That's handwaving argument. In fact, it's not even an argument at all. For this to be an argument, such affirmation should have been accompanied by some citations, which are absent in your post. By saying that my definition is an "idiosyncratic narrow definition" you're showing you don't obviously know what's a model. Because that definition I have given to you is actually not "my" definition. But it's a logical conclusion anyone can derive from what statisticians are writing. So, affirming I'm distorting the definition of a statistical model proves that you don't understand the manner in which statisticians use the term "statistical model".

Anyone who reads enough papers on this matter can certainly notice that statisticians (and even non-statisticians) employ quite often a sentence like this : "the models are fitted against the data". That's the perfect occasion for asking you this question : why do you think they are saying "models are fitted against the data" ? The response is obvious. They make a distinction between the statistical models (unobservables) and the observed data (observables).

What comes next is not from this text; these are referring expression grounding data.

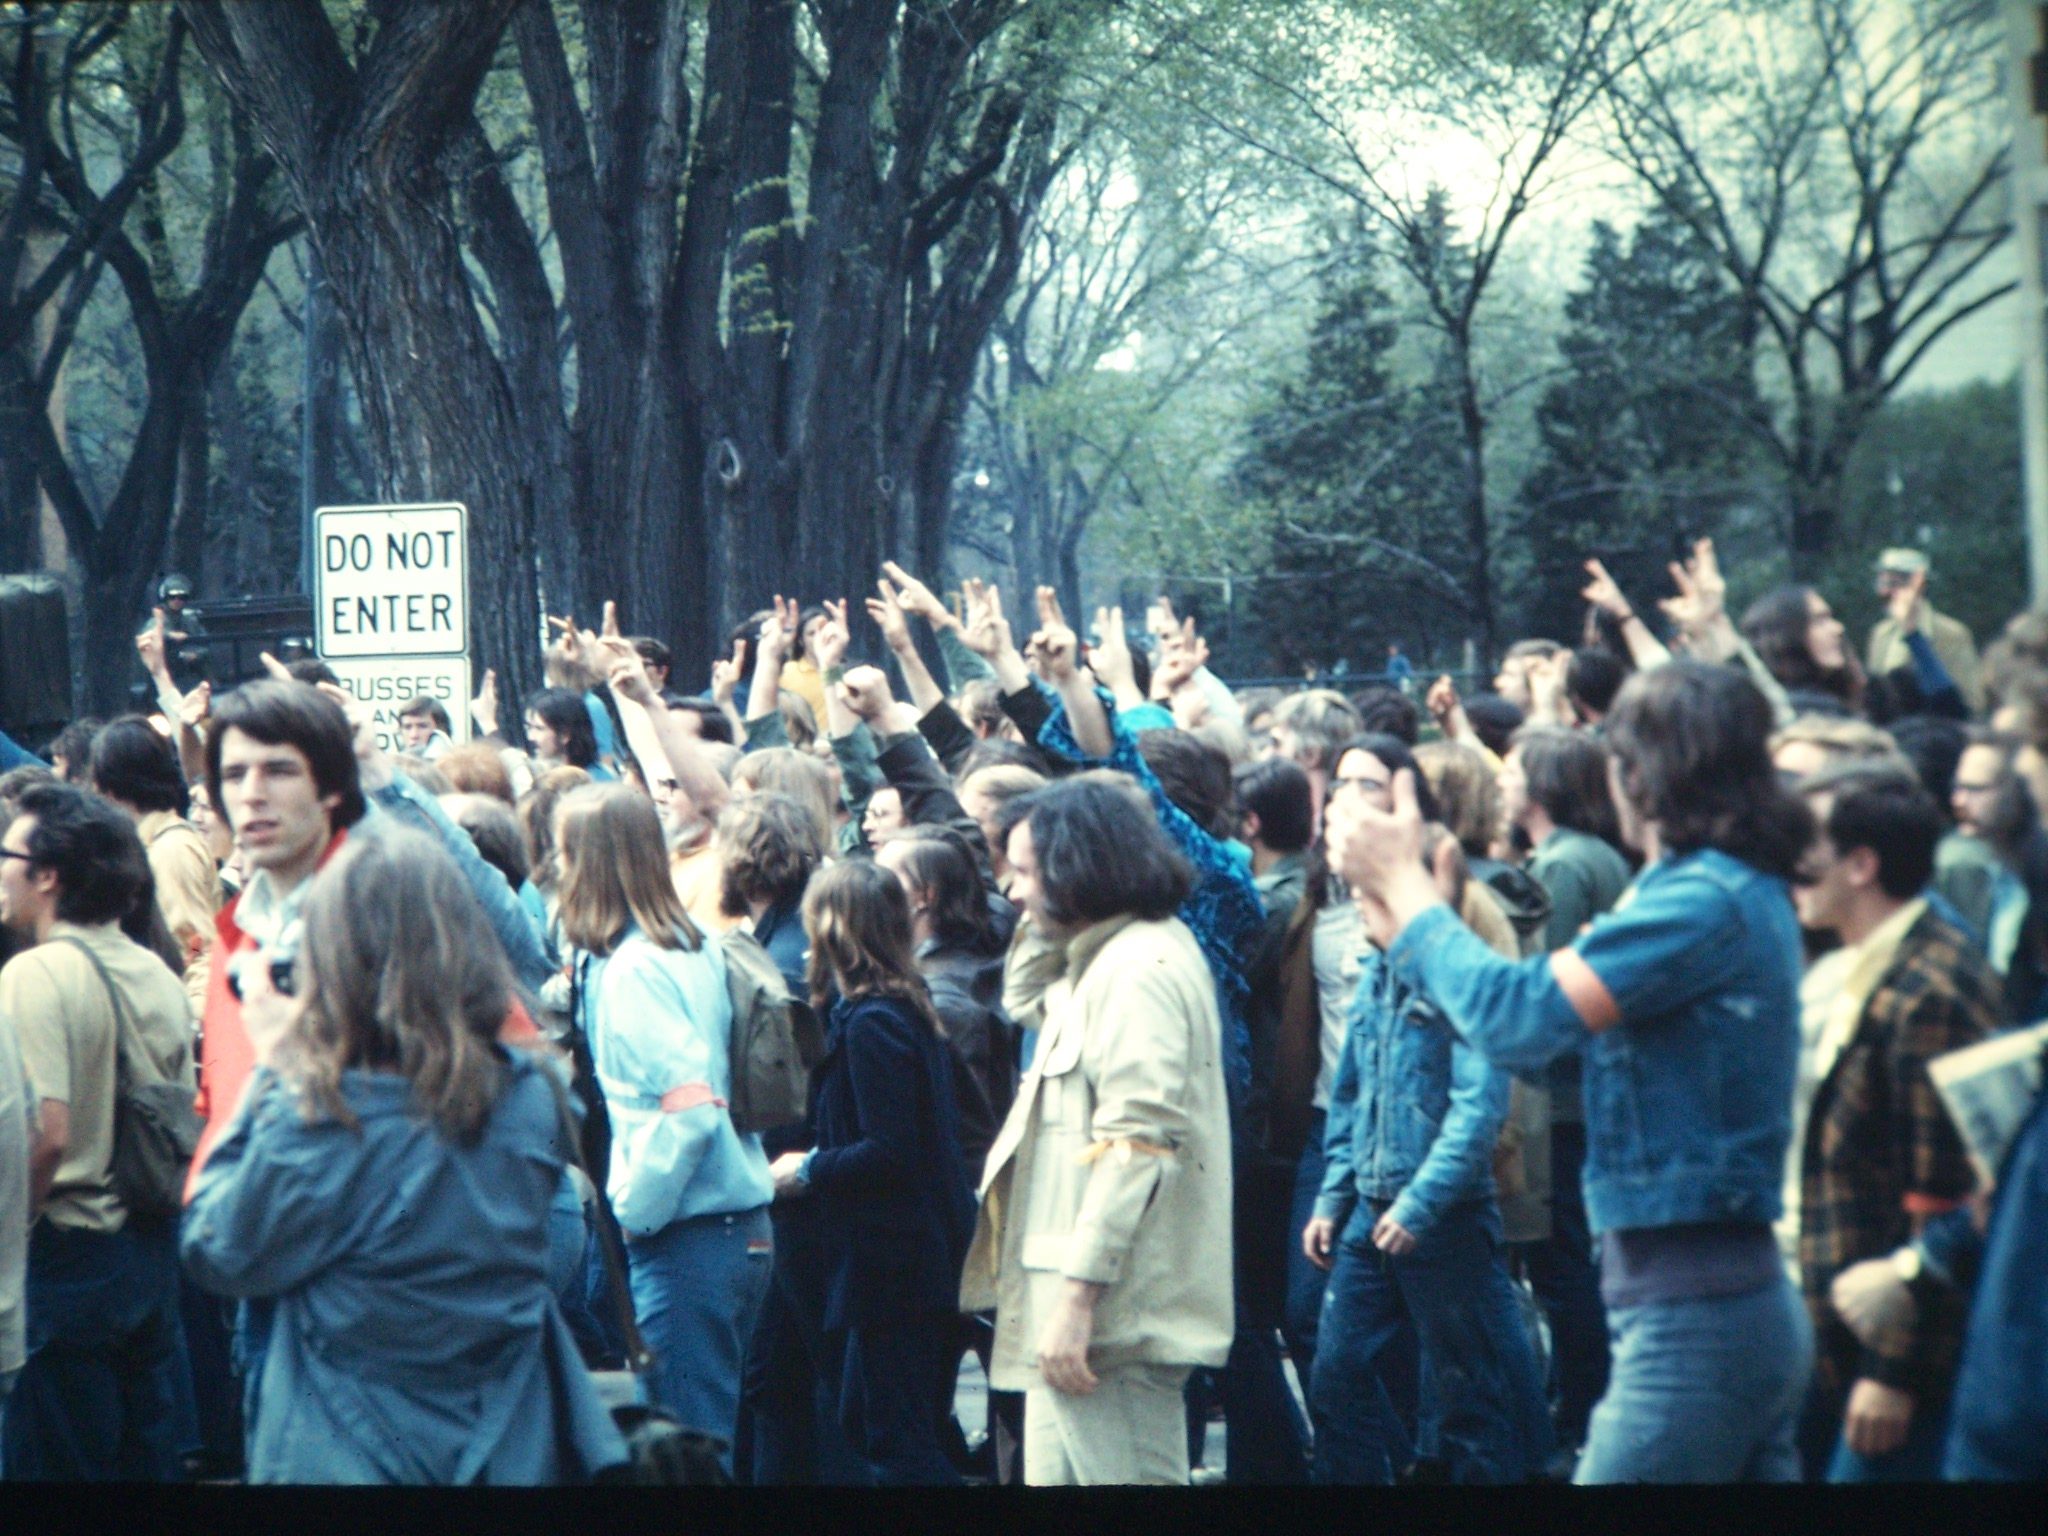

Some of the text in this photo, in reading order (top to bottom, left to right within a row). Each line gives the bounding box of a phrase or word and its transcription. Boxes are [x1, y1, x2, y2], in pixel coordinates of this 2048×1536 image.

[326, 531, 454, 572] DO NOT
[333, 594, 452, 634] ENTER
[372, 709, 401, 724] AN
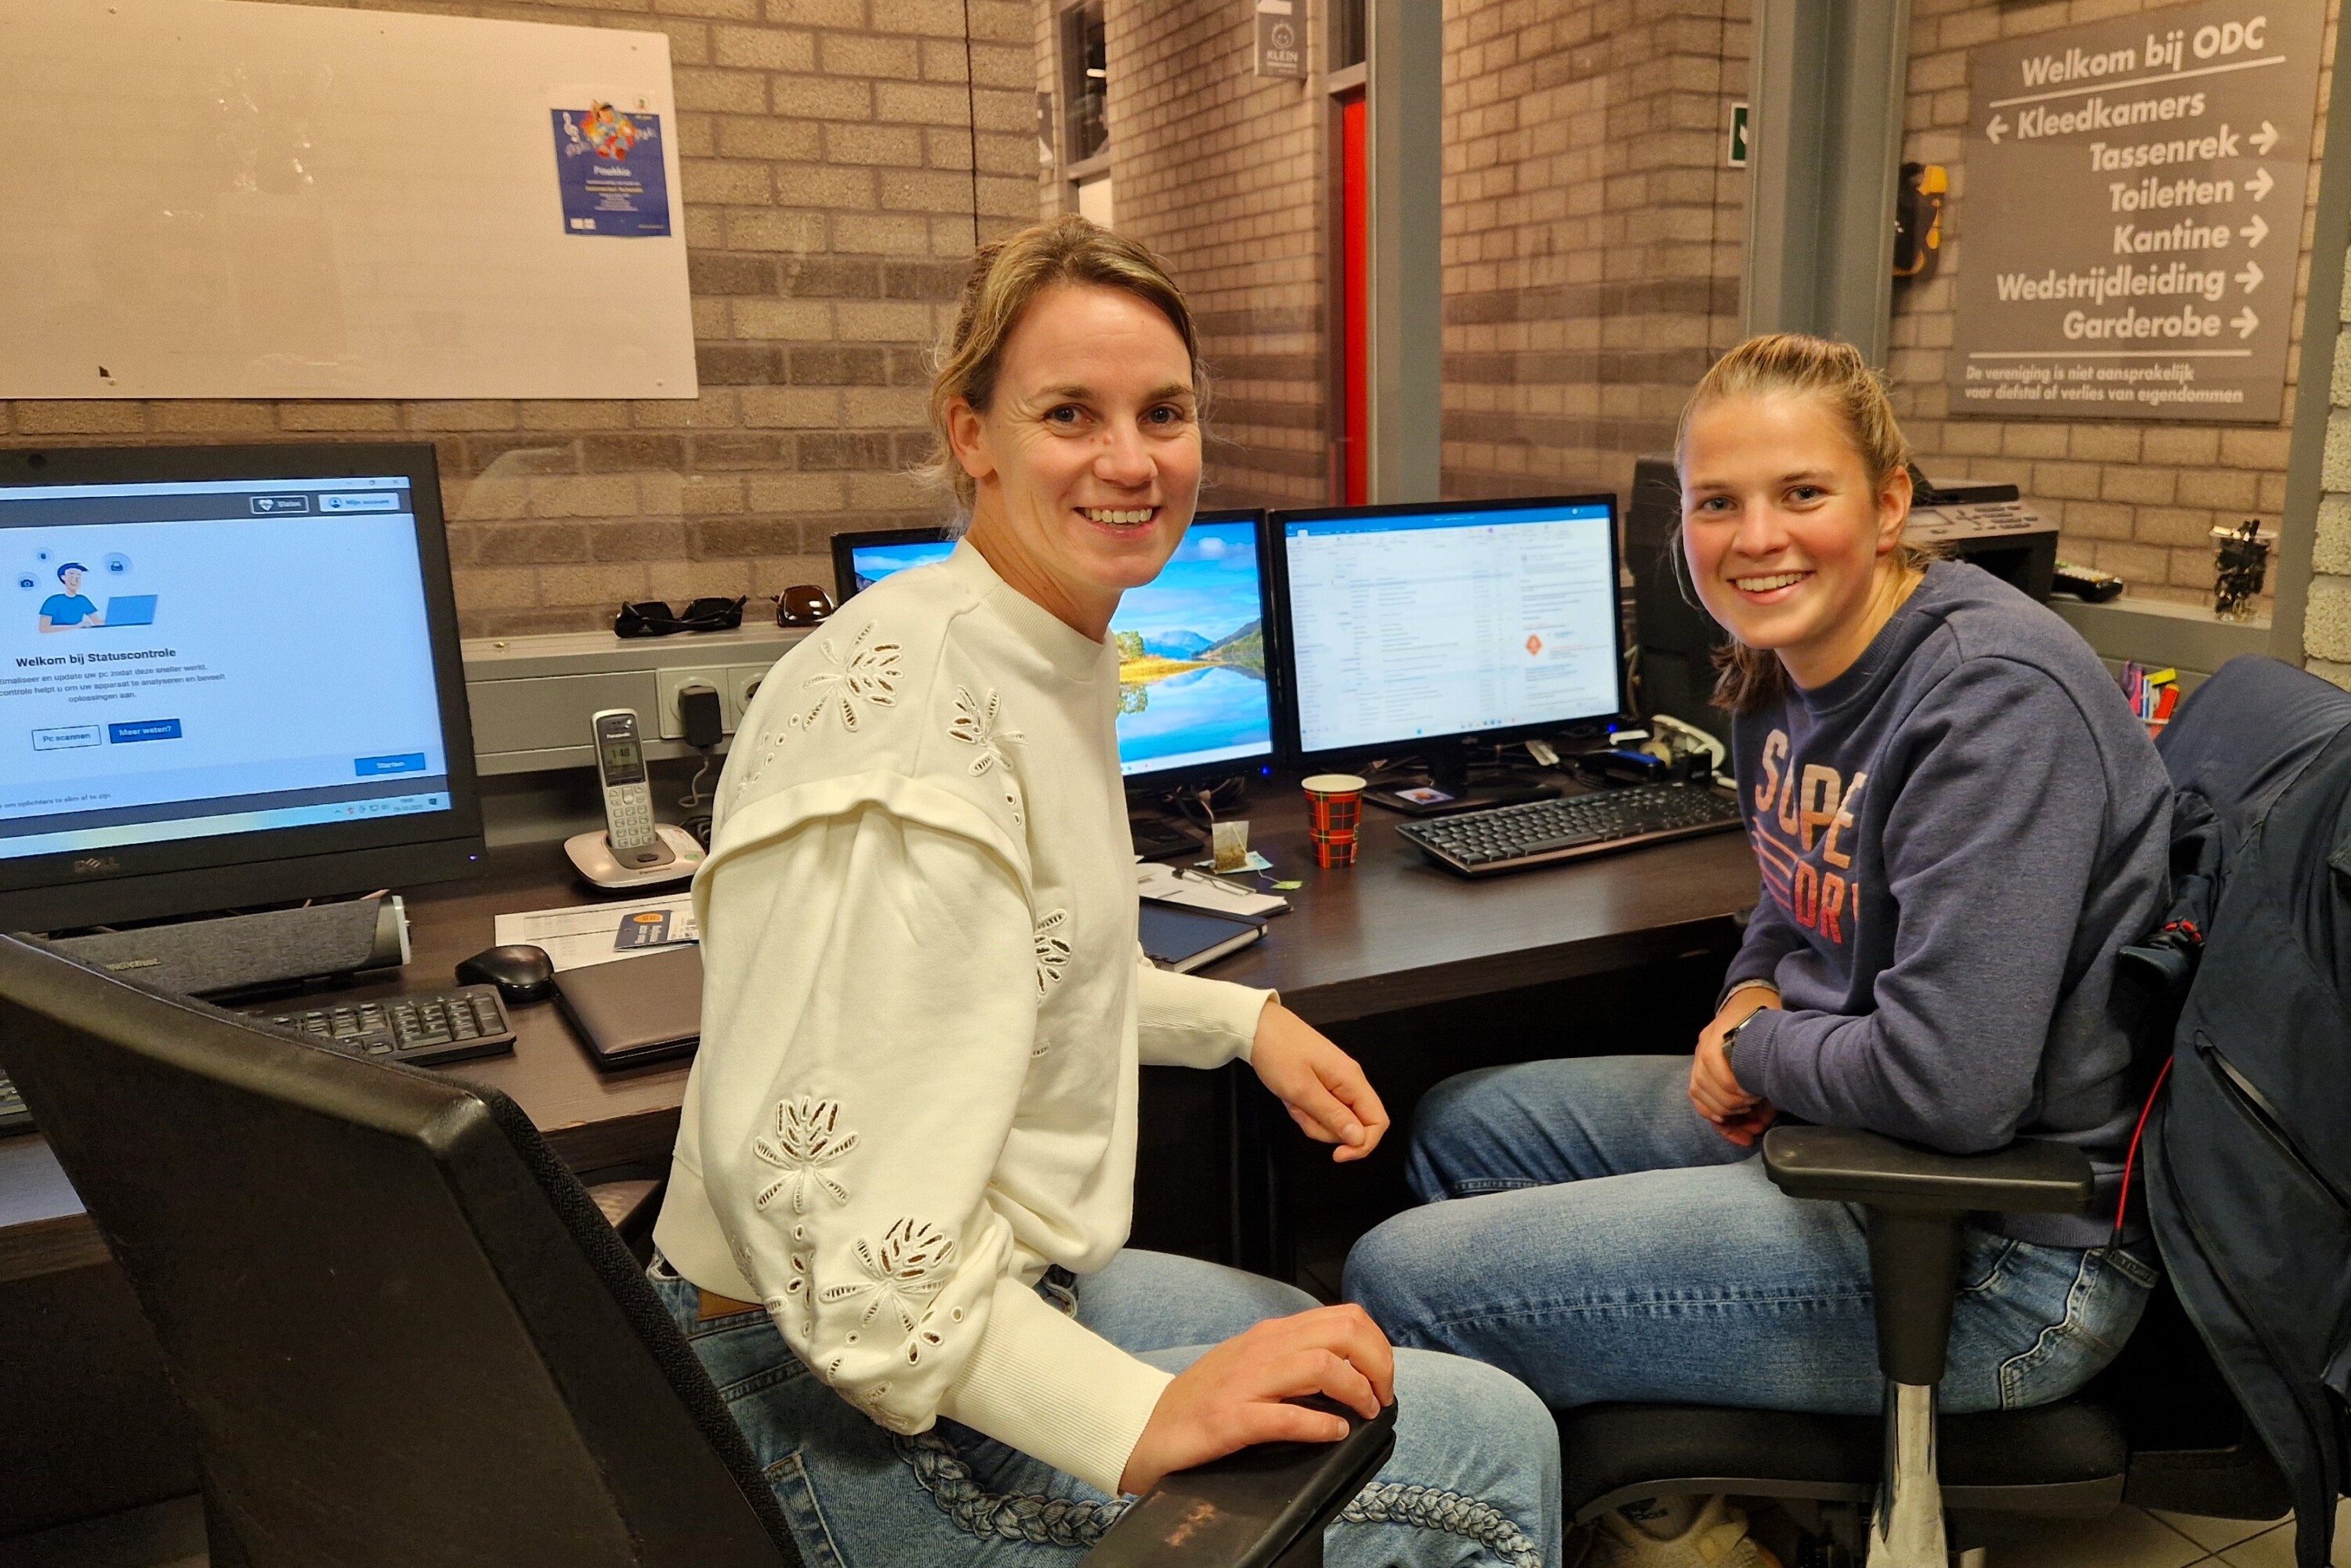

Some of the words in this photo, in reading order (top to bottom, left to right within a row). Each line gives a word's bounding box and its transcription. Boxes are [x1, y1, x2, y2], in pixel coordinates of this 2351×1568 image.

[1266, 50, 1299, 62] KLEIN
[2022, 48, 2135, 86] Welkom
[2144, 29, 2184, 71] bij
[2193, 16, 2267, 59] ODC
[2017, 92, 2206, 139] Kleedkamers
[2089, 123, 2240, 172] Tassenrek
[2109, 179, 2233, 212] Toiletten
[2113, 218, 2230, 254] Kantine
[1997, 262, 2226, 305] Wedstrijdleiding
[2063, 304, 2222, 339] Garderobe
[1965, 365, 1981, 380] De
[1985, 364, 2051, 384] vereniging
[2053, 364, 2064, 380] is
[2067, 364, 2094, 380] niet
[2096, 363, 2195, 384] aansprakelijk
[1965, 386, 1993, 399] voor
[2043, 384, 2059, 400] of
[2061, 383, 2104, 400] verlies
[2108, 388, 2134, 400] van
[2137, 384, 2244, 406] eigendommen
[16, 657, 67, 667] Welkom
[70, 654, 85, 664] bij
[88, 649, 176, 662] Statuscontrole
[54, 672, 82, 682] update
[155, 665, 182, 674] sneller
[94, 680, 130, 690] apparaat
[141, 677, 184, 686] analyseren
[197, 673, 226, 682] beveelt
[68, 693, 118, 703] oplossingen
[56, 733, 91, 742] scannen
[118, 728, 142, 737] Meer
[142, 725, 172, 734] weten?
[17, 798, 54, 808] oplichters

In your paper, what you have is :

model0 = observed data
model1 ≠ observed data
model2 ≠ observed data
model3 ≠ observed data

Thus, while models 1-3 (IQ gains) can be statistically tested between each other against the data, this is not the case for model0 (no IQ gains). Models 1-3 can be said to be approximations of the observed data, but not model0. Thus, model0 violates the definition of a statistical model. By definition, a statistical model can be "statistically tested" with respect to the data. It's the purpose of a statistical model, i.e., to know how a given model approximates the data. And a model (e.g., model0) which is equivalent to the observed data cannot be "statistically tested" because model0 = data. No one can say, for example, that model0 has better model fit than models 1-3, even if it's the most accurate description of your data (which is not difficult because model0=data). Every models can fail the statistical test when they are inconsistent with the data; and the possibility of failure can apply to models 1-3 but not to model0, because, once again, model0=data.

Have you ever heard of the following saying ? From the statistician George E. P. Box :

Quote:Essentially, all models are wrong, but some are useful.

And I have seen several economists quoting him, in order to make clear what's a model. What this sentence reveals is that a model necessarily incorporates a degree of inexactness. That's what I meant earlier by approximations. It is only when models are approximations that they can be compared and tested against each other. As other asked, how can we not compare models ?

If you don't trust my words, perhaps you will trust the words of others. Models are expressed as equations, and understood as approximations with regard to the data. For instance :

Nachtigall et al. 2003 p. 4
(Why) Should We Use SEM? Pros and Cons of Structural Equation Modeling

Jeffrey M. Wooldwridge 2012 pp. 3-5
Introductory Econometrics: A Modern Approach

Konishi & Kitagawa 2008 p. 4
Information Criteria and Statistical Modeling (Springer Series in Statistics)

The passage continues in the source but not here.